Man builds Egyptian coffin
ORLANDO, Fla., Feb. 5 (UPI) -- An 89-year-old Florida man said he has spent the past 25 years and about $10,000 building an Egyptian-themed coffin.
"It's an unusual hobby and I'll admit it," said Fred Guentert.
Guentert, who lives near Orlando, said he began crafting the coffin in the mid-1980s, the Orlando Sentinel reported Saturday.
The coffin is hand-painted red, black, gold and green and is made of cedar to resist rot. The nearly 7-foot-tall box was created using chisels, files and sandpaper, and is held together with dowels and glue, Guentert said.
The lid is adorned with a hand-carved image of the Egyptian god Osiris, with other gods surrounding him.

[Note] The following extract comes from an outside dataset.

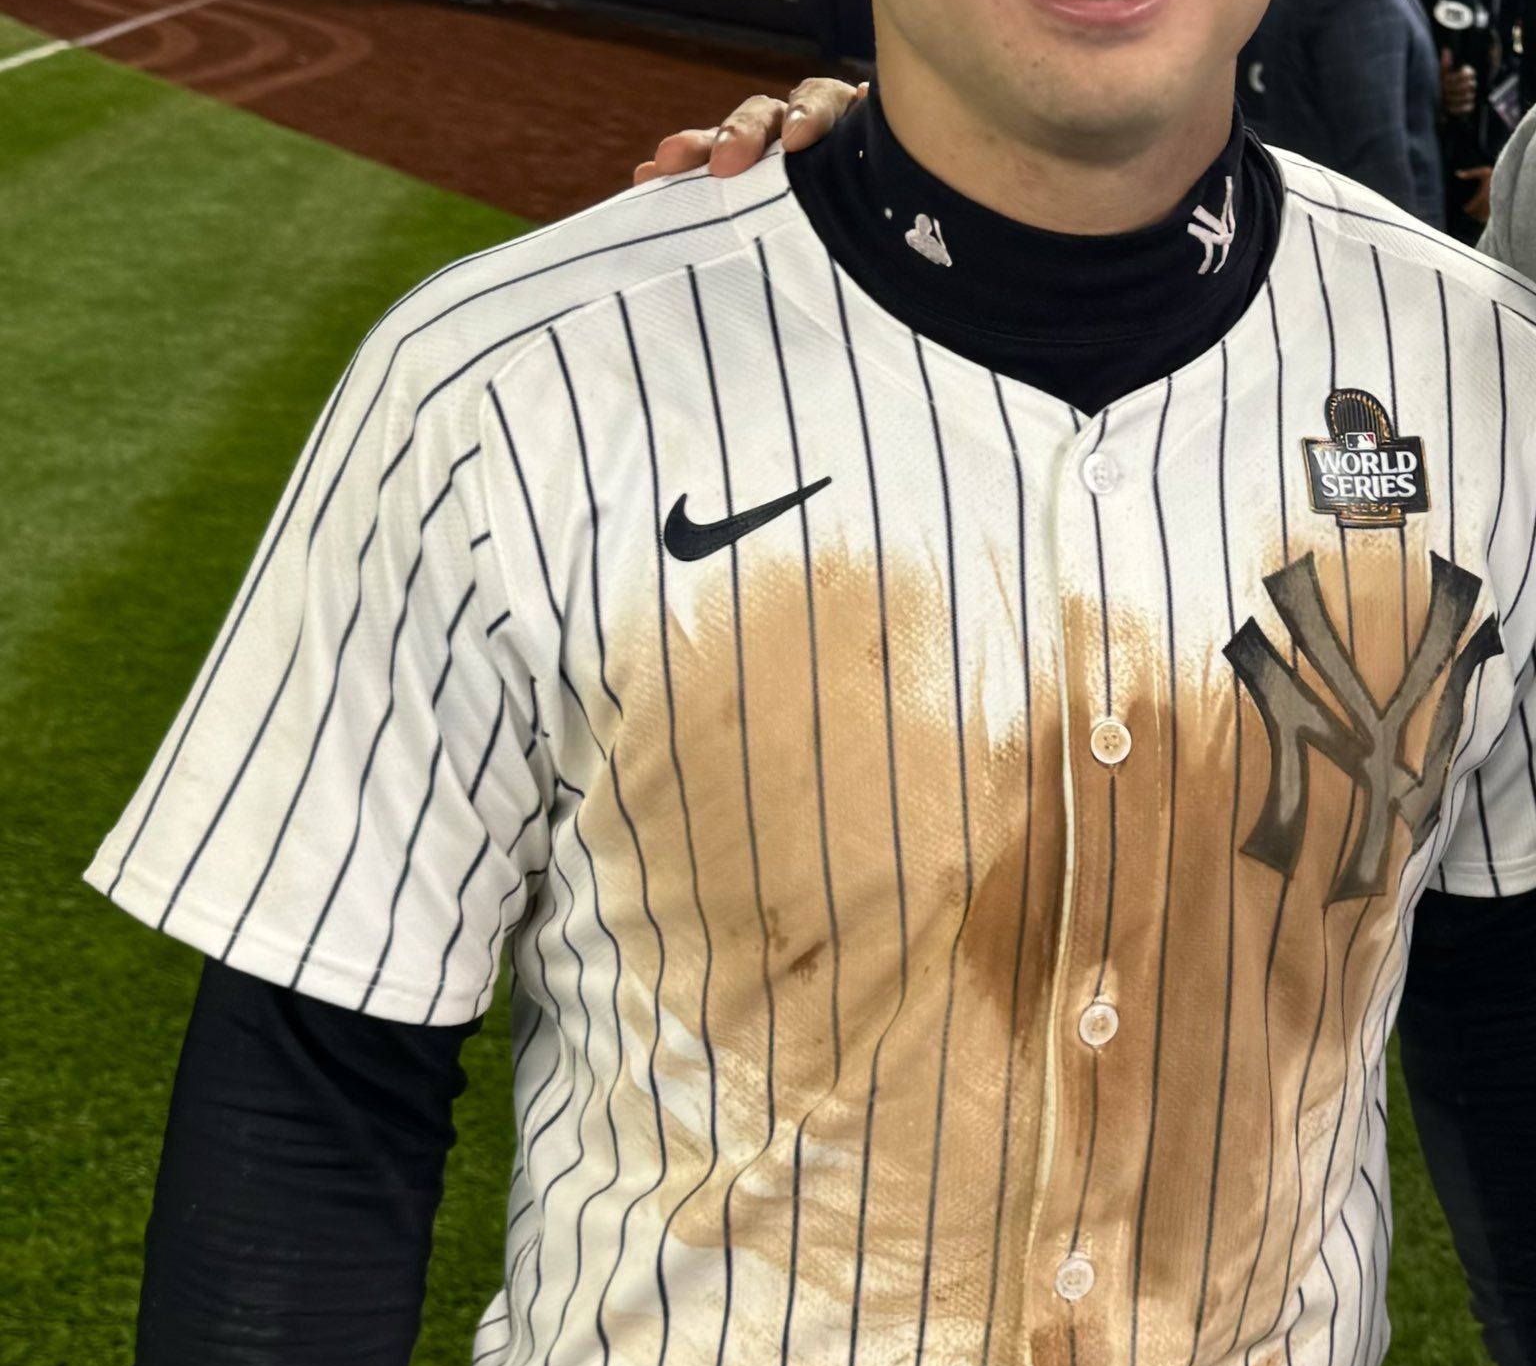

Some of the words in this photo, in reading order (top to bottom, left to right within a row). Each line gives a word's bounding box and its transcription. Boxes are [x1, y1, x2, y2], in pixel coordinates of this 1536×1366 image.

[1312, 450, 1418, 474] WORLD
[1321, 473, 1417, 501] SERIES
[1221, 551, 1504, 908] NY

Guentert said he has always been an admirer of Egyptian art. His fascination dates back to when archaeologist Howard Carter discovered King Tutankhamen's tomb in 1922, the year Guentert was born. He has a collection of Egyptian memorabilia, including statues and miniature masks.
Guentert said when he dies, he'll be wrapped in a shroud, embalmed and placed into the Egyptian coffin. A fiberglass mask of Osiris, the god of the afterlife, will be placed over his face.
Then, Guentert said, he'll be put into the ground, with no viewing and no funeral.
"Put me in the coffin and let me go," he said.
Soldier sets up ruse to propose
CHICAGO, Feb. 5 (UPI) -- An elaborate ruse staged by a U.S. soldier in Chicago culminated in a silent marriage proposal that spoke volumes.
National Guard Staff Sgt. Fred Herzfeldt lured his girlfriend of two years, JoAn Vargas, into an armory drill room on the premise that Herzfeldt's fellow soldiers were going to present him with an award.
With his family hiding out on the second floor of the building, Herzfeldt got on one knee and presented Vargas with a certificate that read, "Will you marry me?"
Vargas accepted immediately.
"I hardly even read it," Vargas told the Chicago-Sun Times. She said she doesn't usually appreciate a lot of attention.
"It's the only thing us guys have, how we propose," Herzfeldt said. "The rest of the wedding is for the women. The flowers, the tablecloths, everything down to everything is their decision. This is all we got."
As Herzfeldt placed the family diamond on Vargas' finger, she bashfully told him: "I'm so embarrassed. I'm so embarrassed. I'm so embarrassed."